Entendendo os sítios "splicing" e suas mutações
Os genes são transcritos em uma longa molécula de RNA (pré-RNAm), também dotada de éxons e íntrons. Em seguida, ocorre remoção dos íntrons, o que reduz o tamanho do RNA inicial. Finalmente os éxons se ligam, formando o RNAm funcional ou maduro, que, contendo apenas segmentos codificadores (éxons), migra para o citoplasma, onde vai ser traduzido em cadeia polipetítidica. Esse processamento do RNA é chamado de splicing (que ocorre no núcleo e consiste na remoção dos íntrons e união éxons imediatamente após a transcrição do RNA) e é bastante complexo, já que a molécula de RNA deve ser clivada em locais exatos e os éxons devem ser unidos também de maneira correta. Os íntrons retirados do pré-RNA são "destruídos" dentro do núcleo gerando nucleotídeos livres, que por sua vez são reciclados. O splicing requer uma extrema precisão das moléculas envolvidas no processo, já que o acréscimo ou a remoção de um único nucleotídeo em um éxon pode alterar a fase de leitura e produzir uma proteína bastante diferente da original, caracterizando uma mutação, decorrente portanto, de erros no splicing. Estima-se atualmente que erros ou mutações no processo de splicing causem cerca de 10% das doenças genéticas.
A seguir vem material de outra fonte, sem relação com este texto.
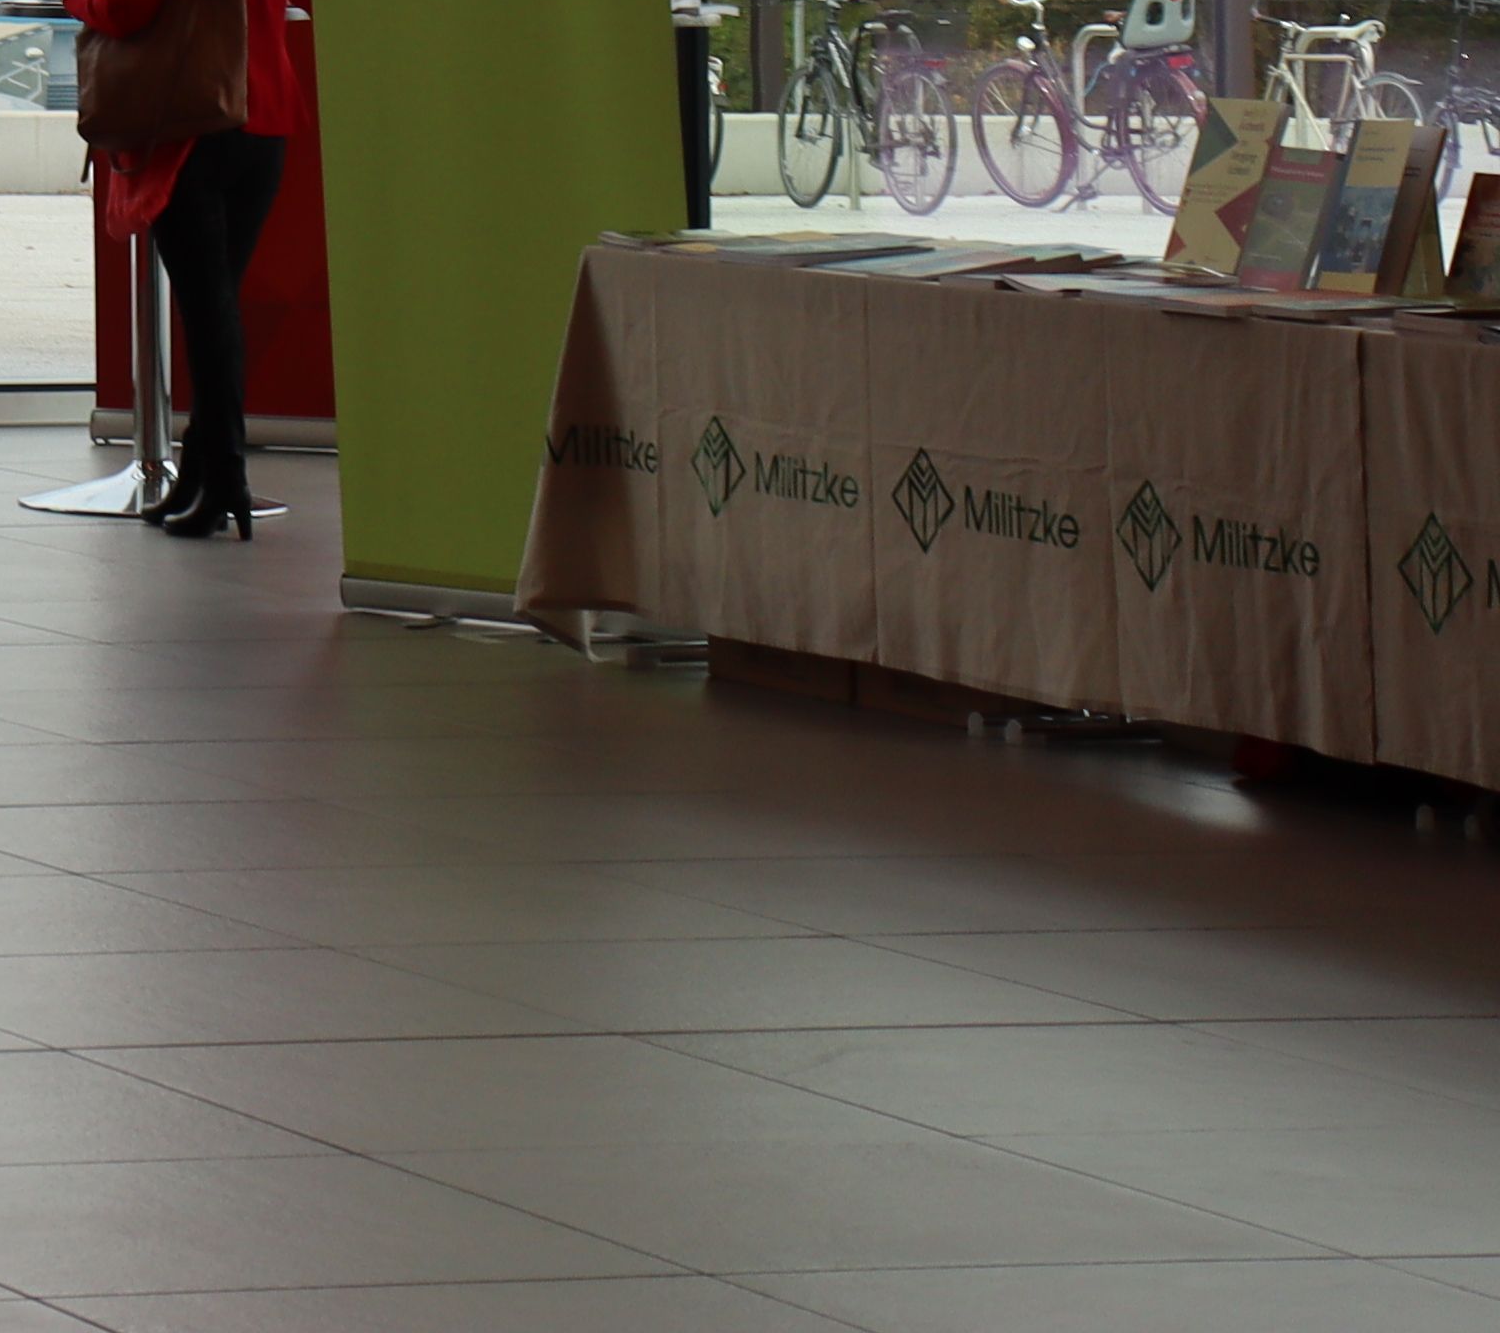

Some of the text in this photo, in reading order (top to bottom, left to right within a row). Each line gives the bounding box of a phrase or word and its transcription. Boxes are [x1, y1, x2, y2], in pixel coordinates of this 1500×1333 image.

Futuras aplicações da descoberta da mutação U1-snRNA
A descoberta inesperada revelou uma maneira totalmente nova de combater esses cânceres que são tremendamente difíceis de serem tratados e apresentam altas taxas de mortalidade. O estudo na realidade identificou um "erro de digitação" no código de DNA, sendo que os cânceres resultantes apresentam centenas de proteínas mutantes que podem ser atingidas ou modificadas terapeuticamente através de drogas alvo e mesmo imunoterapias atualmente disponíveis.
A mutação U1-snRNA foi encontrada em tumores de pacientes com certos subtipos de câncer cerebral, incluindo quase todas as amostras estudadas de pacientes adultos com meduloblastoma com defeitos na via celular conhecida como "hedgehog". A mesma mutação também foi encontrada em amostras de leucemia linfocítica crônica (LLC) - o tipo mais comum de leucemia em adultos - e carcinoma hepatocelular - o tipo mais comum de câncer de fígado.
As duas publicações relacionadas - uma focada no câncer cerebral e a outra na LLC e câncer de fígado - foram ambas lideradas por pesquisadores em Ontário, incluindo o Dr. Michael Taylor, que também é professor nos Departamentos de Cirurgia e Medicina Laboratorial e Patobiologia da Universidade de Toronto e Dr. Lincoln Stein do OICR (Ontario Institute for Cancer Research) do Canadá. Ambos os estudos envolveram colaboradores internacionais, incluindo o Dr. Xose Puente da Universidade de Oviedo, o Dr. Elias Campo do Institut d'Investigacions Biomèdiques August Pi I Sunyer (IDIBAPS) e a Universitat de Barcelona e outros.
Os estudos foram alimentados em parte por dados do projeto Pan-Cancer Analysis of Whole Genomes (PCAWG), liderado pelo OICR, um dos maiores esforços coordenados de pesquisa de câncer até o momento, que analisou mais de 2.800 genomas inteiros de câncer do International Cancer Genome Consortium. ICGC).